Apocalyptic fantasies are the projections of species who are aware that their own lives are doomed to cease some time in the future. But they are also the fantasies of the oppressed who feel (rightly or wrongly) that a dominant power is corrupting the very world they cohabitate. To the children who are born with black lung disorders and asthma, a poetics of beauty is a mockery of their reality. Who will take up their voices when poets believe in a looking glass universe and that perception is reality?

Perception is not reality. Reality existed before humans were alive to fetishize the sollipsism of their own self-obsessiveness. Who can write in earnest of beauty when the polluted air we breathe is killing our children? We wanted to grow up to be Romantics, like Wordsworth, who saw the beauty of nature and the wisdom of children. But we ended up caught in the Ryme of the Ancient Mariner, and here is where we must stay if we aspire to write the words that befit our place in time.

The only fitting metaphor for an economy that values growth above all things, is a malignant tumor destroying the very body that it feeds on for sustenance. A religion based on growth, is itself, much like a retrovirus or a prion which finds unlike cells and reprograms them with its own internal coding. Like psychotics, we have come to compartmentalize these notions in the moribund space of our own bodies, but we must recognize that the same basic mechanism that exists on an elemental level in proteins and tissues, finds another home (quite comfortably) in the human soul.

Nothing in nature can grow uncontrollably without necessarily destroying itself. These are lessons that we forget in our business models which are fashioned out our greed and our lust for power. A poetics that rejects the truth serves itself, and that which serves itself is reviled by the web of life and will in time be purged. We are seeing this happen now. We have made our apocalypses come true through years of systematic abuse of our environment. We have turned out freshwater lakes to dead lifeless toilets while praying to a vacant god that would fulfill every promise of a destiny of renown. We want to suck in attention the way plants feed on sunlight, while investing in a dream of greed and egoic masturbation.

There will be no hand of God to save us if we cannot do the basic things that save ourselves; and to write about flowers and writing is (for a poet) to betray his duty as a thinker, like so many in so many other vocations who plod mindlessly toward a wormy doom.

The floods that drown our children and the sulfur rains that burn our skin will hardly destroy life itself, merely ourselves, and rightfully so. The research of our greatest thinkers who are coming up with replacement strategies for the burning of oil and coal are falling on deaf ears because the oil lobby is more powerful than reason.

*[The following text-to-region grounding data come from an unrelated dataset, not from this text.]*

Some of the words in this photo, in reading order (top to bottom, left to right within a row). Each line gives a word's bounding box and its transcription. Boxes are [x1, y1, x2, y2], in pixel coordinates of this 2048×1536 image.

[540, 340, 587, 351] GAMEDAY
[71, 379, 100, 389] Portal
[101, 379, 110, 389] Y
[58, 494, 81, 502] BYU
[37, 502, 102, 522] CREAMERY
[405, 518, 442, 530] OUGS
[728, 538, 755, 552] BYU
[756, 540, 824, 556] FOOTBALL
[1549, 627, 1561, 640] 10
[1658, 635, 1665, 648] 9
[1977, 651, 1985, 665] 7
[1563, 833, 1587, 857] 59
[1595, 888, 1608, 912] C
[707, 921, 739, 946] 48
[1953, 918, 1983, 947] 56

In the end, we will die much like Plato's Atlanteans who given all the technological prowess of the gods themselves could not persist as they did without the virtue of their own foresight.

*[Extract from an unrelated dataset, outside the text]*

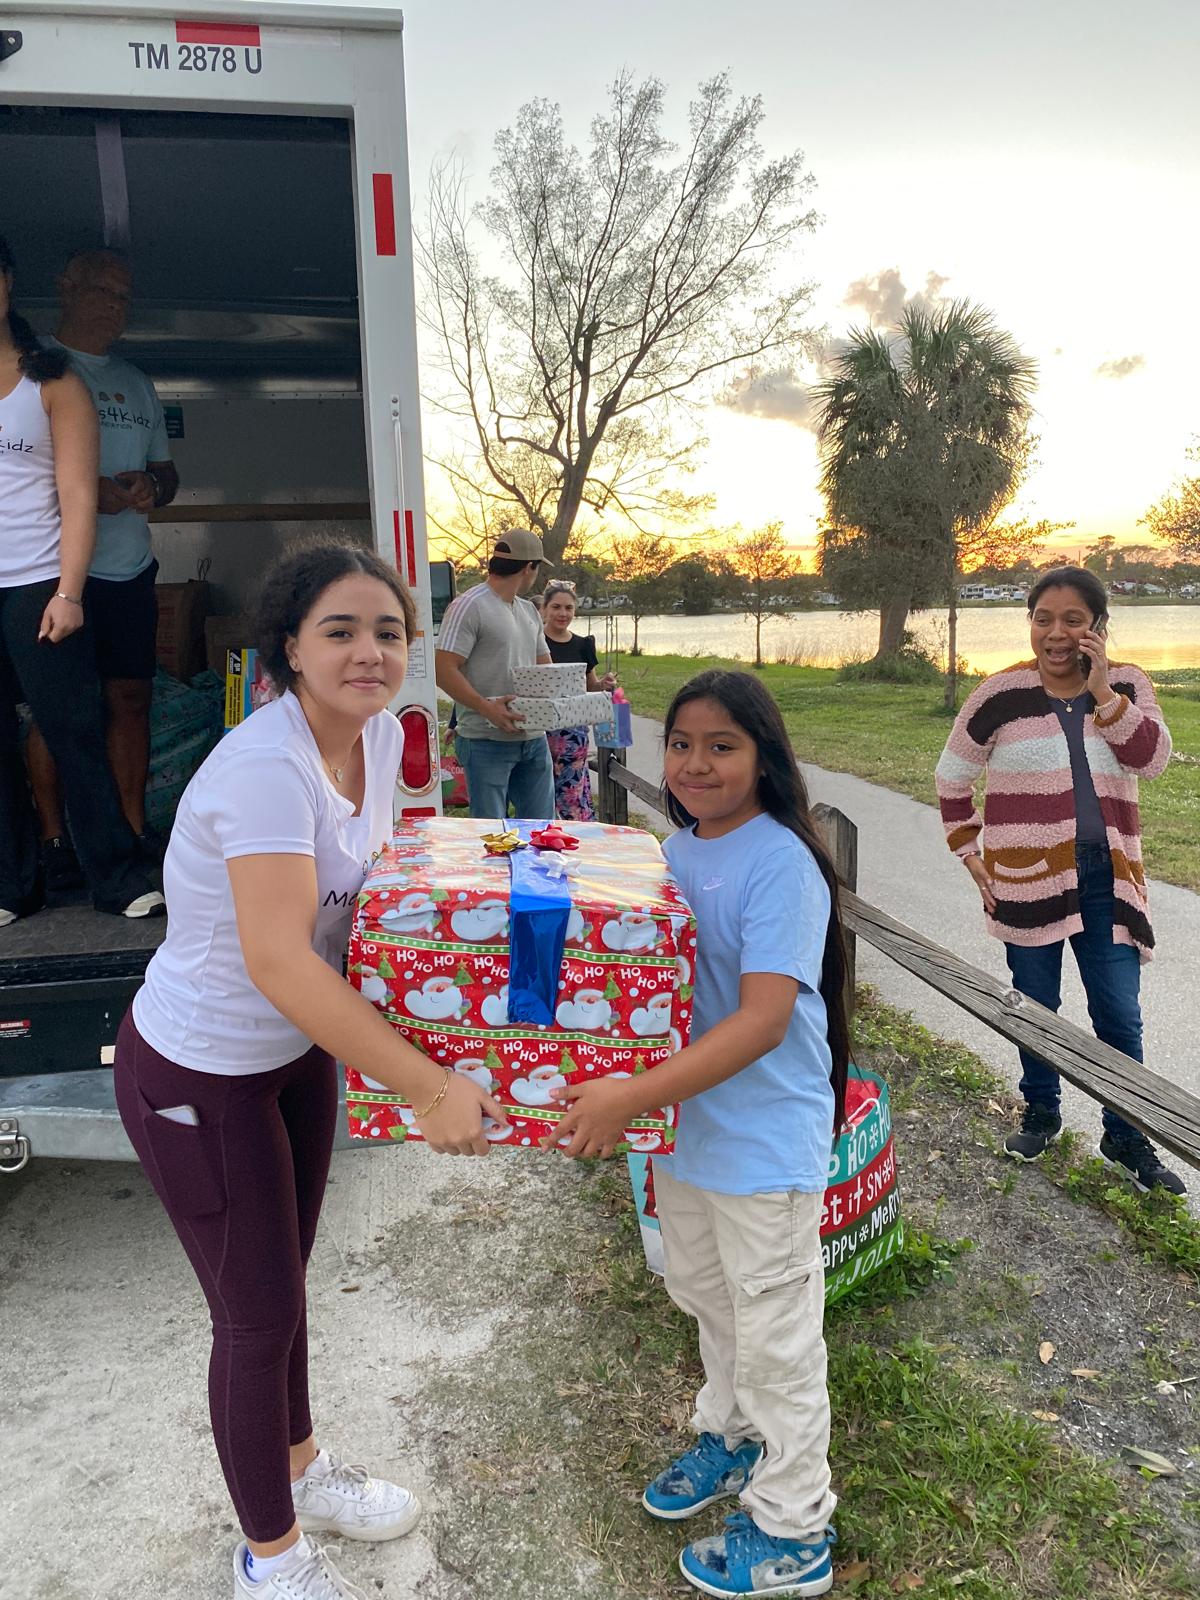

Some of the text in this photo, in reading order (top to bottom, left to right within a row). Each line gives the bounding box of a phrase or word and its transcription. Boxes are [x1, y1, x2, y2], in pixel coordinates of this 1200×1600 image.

So when you ask yourself, why does this nice young man of good humor write such exotically ugly poetry, be reminded of the portents of the modern sciences which prophecy that we cannot by any means sustain the rate of consumption we are currently enjoying, nor house a place for all the waste we are producing without unfixably altering the chain of balance that is our biosphere. We are as a species, as of this moment, on suicide watch, and only the suicidal have devised a means of escaping the immanent doom that awaits our continued poor choices.